Bush Energy Bill Focuses on Alternative Energy
Wednesday, April 27, 2005
The White House has given increased attention to the matter of high energy prices. While environmentalists have accused President Bush of giving gifts to energy companies, the new energy bill actually gives support to new alternative energies made possible by modern technology.
"A secure energy future for America must include nuclear power ... and expanding oil refineries," Bush said. "Technology is the ticket, is this nation's ticket to greater energy independence."
One of the greatest planks in the Bush energy platform is nuclear power.
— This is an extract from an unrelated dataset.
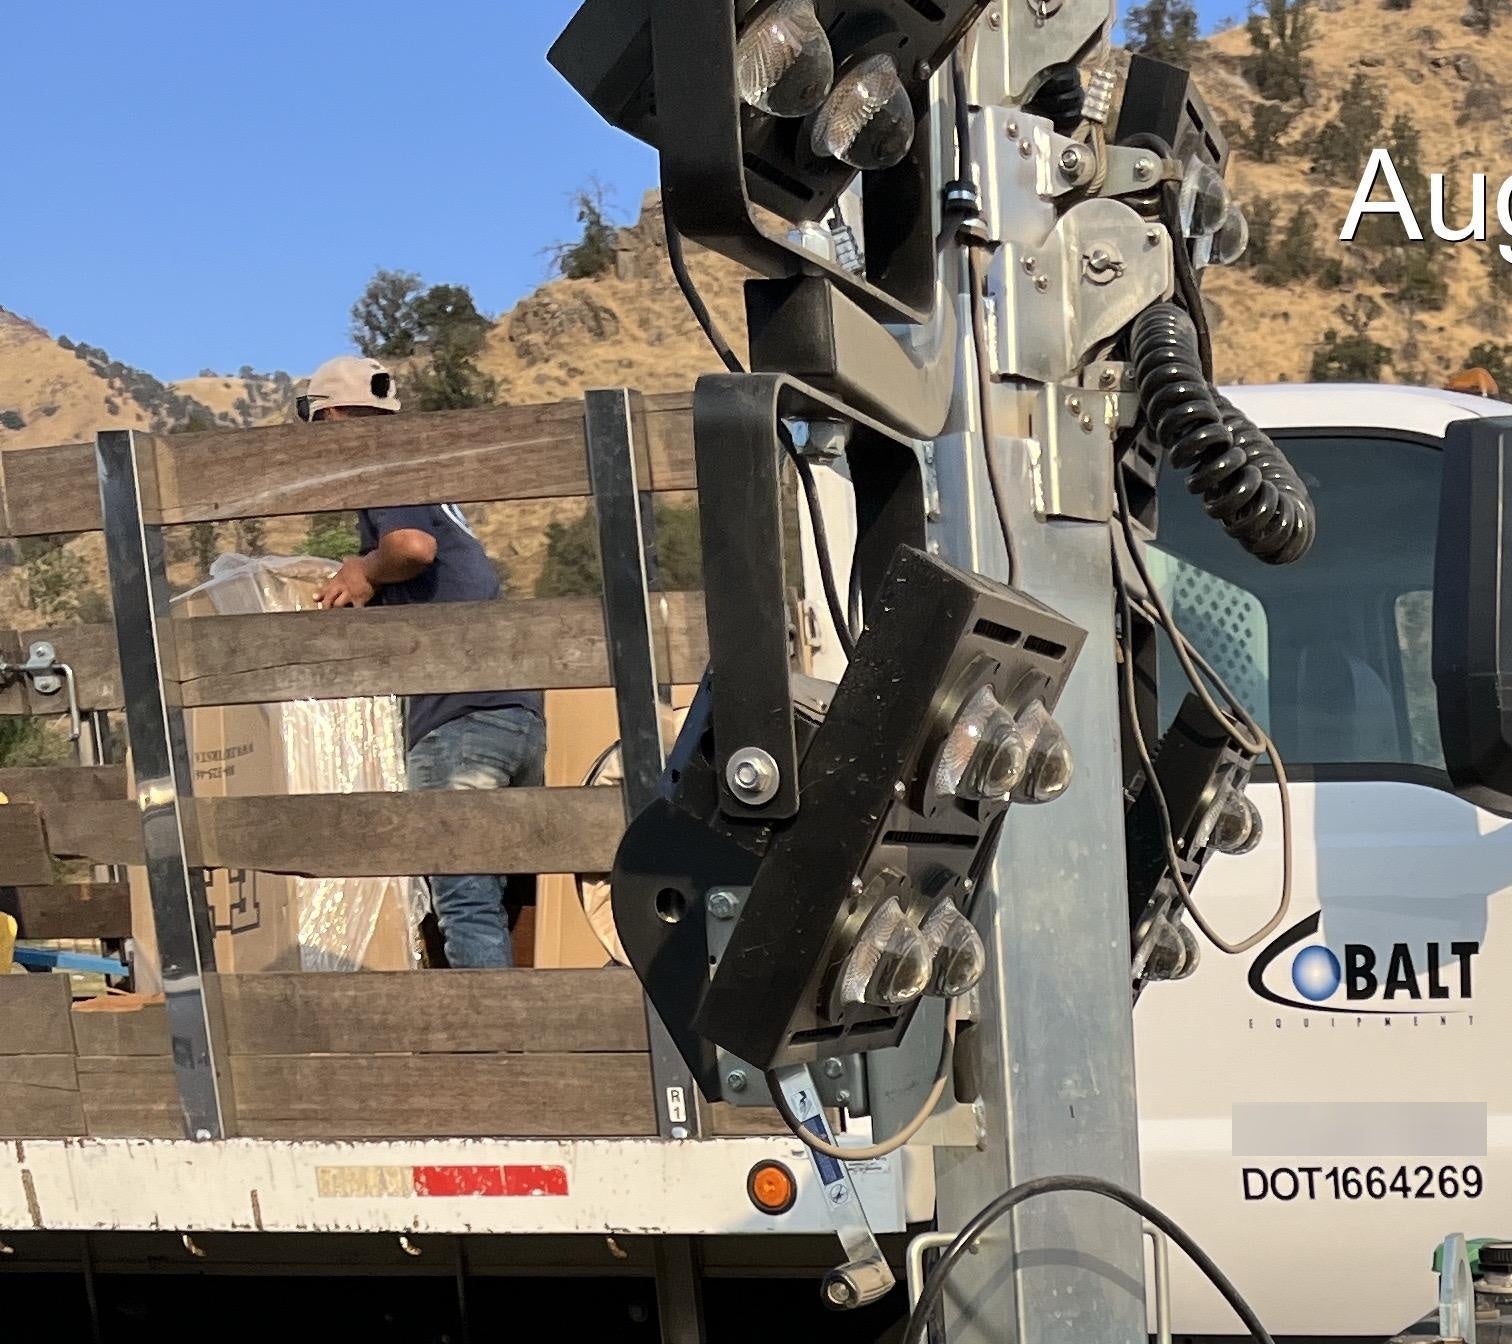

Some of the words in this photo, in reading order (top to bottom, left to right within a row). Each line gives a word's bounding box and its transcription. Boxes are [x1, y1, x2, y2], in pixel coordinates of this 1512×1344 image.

[1248, 1014, 1475, 1029] EQUIPMENT
[671, 1089, 681, 1103] R
[673, 1106, 681, 1120] 1
[1242, 1165, 1484, 1201] DOT1664269
Bush pointed out that France has built 58 nuclear plants since the 1970s while the United States has built none. “It’s time for America to start building again,” Bush said. Today France gets more than 78 percent of its electricity from nuclear power. The remainder is generated from their smug sense of superiority.
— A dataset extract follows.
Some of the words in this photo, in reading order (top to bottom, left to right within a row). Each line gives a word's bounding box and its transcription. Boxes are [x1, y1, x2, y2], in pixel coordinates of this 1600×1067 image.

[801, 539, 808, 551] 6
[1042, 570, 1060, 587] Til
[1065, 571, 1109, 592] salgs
In addition, Bush would ask the DOE to step up negotiations with communities for the building of oil refineries . A new refinery has not been built in the United States in nearly three decades, and a refining shortage has been cited as one factor behind high gasoline prices.
Natural Gas has proved much more popular with environmentalists than unnatural gas.
Bush also would give federal regulators final say over the locations of new Liquefied Natural Gas (LNG) terminals. LNG terminals take compressed, supercold natural gas shipped from overseas and warm it into usable energy. Natural Gas has proved much more popular with environmentalists than unnatural gas.
Also, Bush set forward plans to offer incentives to use the radical new fuel called Diesel. Diesel burns cheaper and cleaner than conventional gasoline, but some critics say that it is highly flammable and dangerous. Under Bush’s plan, consumers would be able to get a clean-diesel vehicle tax credit.
The White House acknowledged the proposals were not expected to provide any relief from rising energy prices, but rather are designed to demonstrate how technology can be used to encourage more energy production from diverse sources.